C. El trámite de la primera instancia
1. El 28 de abril de 2015, se admitió la acción de tutela y se corrió traslado a todos los intervinientes del proceso objeto de reclamo (folio 8).
2. El Juzgado de Familia de Soacha – Cundinamarca, solicita que se niegue la tutela, porque a través de ella la accionante pretende revivir términos que, por su propia negligencia, dejó fenecer, siendo perentorios, improrrogables y de obligatoria cumplimiento.
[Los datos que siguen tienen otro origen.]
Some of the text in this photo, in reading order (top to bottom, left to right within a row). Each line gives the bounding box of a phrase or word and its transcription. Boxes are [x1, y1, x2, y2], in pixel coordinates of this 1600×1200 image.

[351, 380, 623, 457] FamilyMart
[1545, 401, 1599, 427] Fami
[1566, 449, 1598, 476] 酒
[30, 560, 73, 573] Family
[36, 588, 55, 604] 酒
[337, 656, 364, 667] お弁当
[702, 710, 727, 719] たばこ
Ello, por cuanto no ejerció los recursos propios que procedían contra la decisión objeto de la tutela.
3. La Sala Civil del Tribunal Superior de Cundinamarca mediante fallo de 21 de mayo de 2015 negó el amparo, al estimar que la demandante, frente al trabajo de partición presentado por el auxiliar de la justicia, desechó la oportunidad para recurrirlo mediante la objeción prevista en el artículo 611 del Código de Procedimiento Penal, ante lo cual no puede acudir al mecanismo de tutela para subsanar, enmendar o suplir, los descuidos en que incurrió, porque la acción constitucional no se ha establecido para utilizarse en forma alternativa o sustitutiva de los mismos, como tampoco para recuperar oportunidades dejadas de utilizar en el curso de un proceso.
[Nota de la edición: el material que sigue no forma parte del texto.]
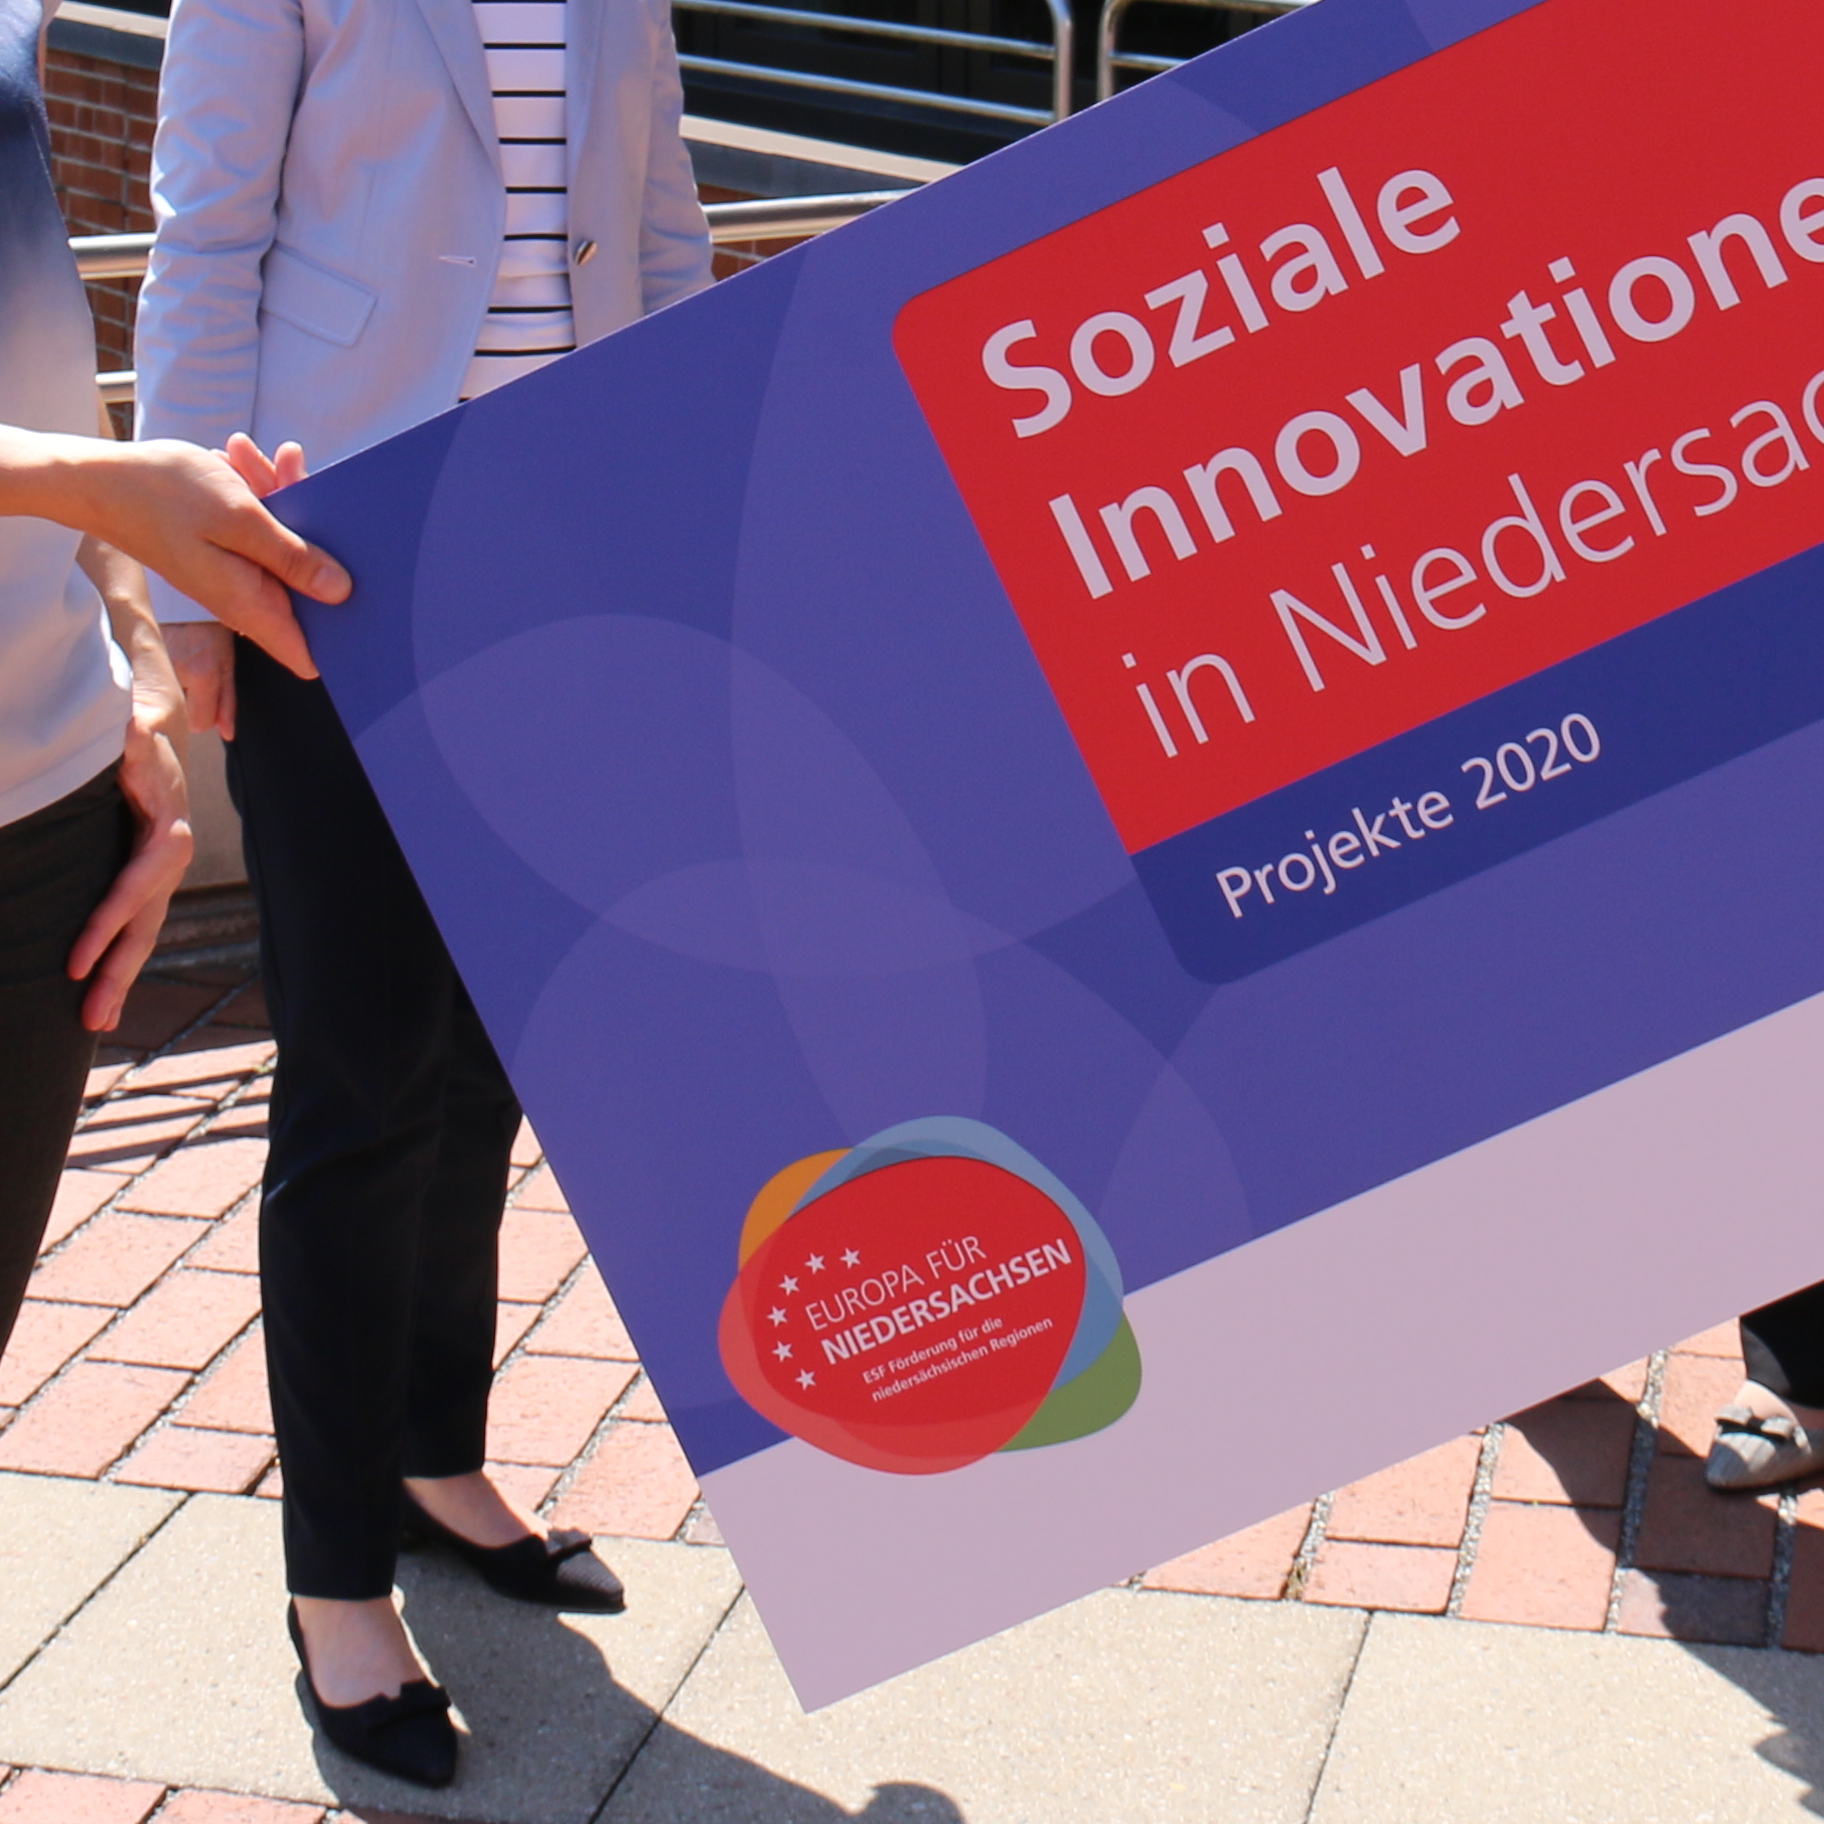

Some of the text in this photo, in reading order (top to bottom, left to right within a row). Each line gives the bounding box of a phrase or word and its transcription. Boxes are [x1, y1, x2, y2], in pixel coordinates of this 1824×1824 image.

[982, 169, 1461, 439] Soziale
[1121, 652, 1256, 758] in
[1216, 713, 1600, 918] Projekte 2020
[805, 1236, 986, 1331] EUROPA FÜR
[821, 1238, 1072, 1365] NIEDERSACHSEN
[862, 1318, 1003, 1384] ESF Förderung für die
[872, 1318, 1053, 1402] niedersächsischen Regionen
4. Por estar en desacuerdo con la decisión, la reclamante la impugnó, reiterando los argumentos del libelo de la tutela. (Folios 62-65).
II. CONSIDERACIONES
1. Cuando el artículo 86 de la Carta Política creó la acción de tutela como un procedimiento preferente y sumario, al alcance del ciudadano, para reclamar la protección inmediata de sus derechos constitucionales fundamentales en el caso que éstos fueran vulnerados o amenazados por la acción o la omisión de cualquier autoridad pública, lo hizo bajo la insoslayable premisa de que no dispusiera el afectado de «otro medio de defensa judicial».
2. No hay lugar a dispensar el amparo suplicado, toda vez que en el presente asunto se configura la causal aludida líneas arriba, pues el actor no agotó los recursos establecidos en el ordenamiento jurídico para la salvaguarda de sus garantías, como era presentar la objeción de que trata el numeral primero del artículo 611 de la norma adjetiva civil, con la expresión clara de los hechos frente a los cuales no estaba de acuerdo con el trabajo de partición presentado por el auxiliar de la justicia designado por el juez, pues lo asintió luego de aceptada la aclaración y corrección por ella promovida, derivando la emisión de la sentencia aprobatoria, contra la cual era inviable el recurso de apelación, conforme al numeral segundo de la disposición en cita.
Sobre esta temática, ha dicho esta Corporación que «(…) cuando hay descuido de las partes en el empleo de las defensas frente a las decisiones judiciales, es vedado para el Juez de tutela penetrar en las cuestiones procedimentales que informan los trámites respectivos, pues a este amparo, eminentemente subsidiario, sólo es dable acudir cuando no se ha tenido otra posibilidad “judicial” de resguardo; además, si las partes dejan de utilizar los dispositivos de defensa previstos por el orden jurídico, – como aquí ocurrió -, quedan sujetas a las consecuencias de las determinaciones que le sean adversas, que serían el fruto de su propia incuria».1
3. Bajo el planteamiento anterior, deberá desestimarse el resguardo invocado, lo que impone confirmar la sentencia revisada por vía de impugnación.
III. DECISIÓN
En mérito de lo expuesto, la Corte Suprema de Justicia, en Sala de Casación Civil, administrando justicia en nombre de la República y por autoridad de la ley, CONFIRMA la sentencia impugnada.
Comuníquese telegráficamente lo aquí resuelto a las partes; y, en oportunidad, remítase el expediente a la Corte Constitucional, para su eventual revisión.
LUIS ARMANDO TOLOSA VILLABONA
Presidente de Sala
MARGARITA CABELLO BLANCO
ÁLVARO FERNANDO GARCÍA RESTREPO
FERNANDO GIRALDO GUTIÉRREZ
ARIEL SALAZAR RAMÍREZ
1 Sentencia de 26 de enero de 2011, exp. 00027-00.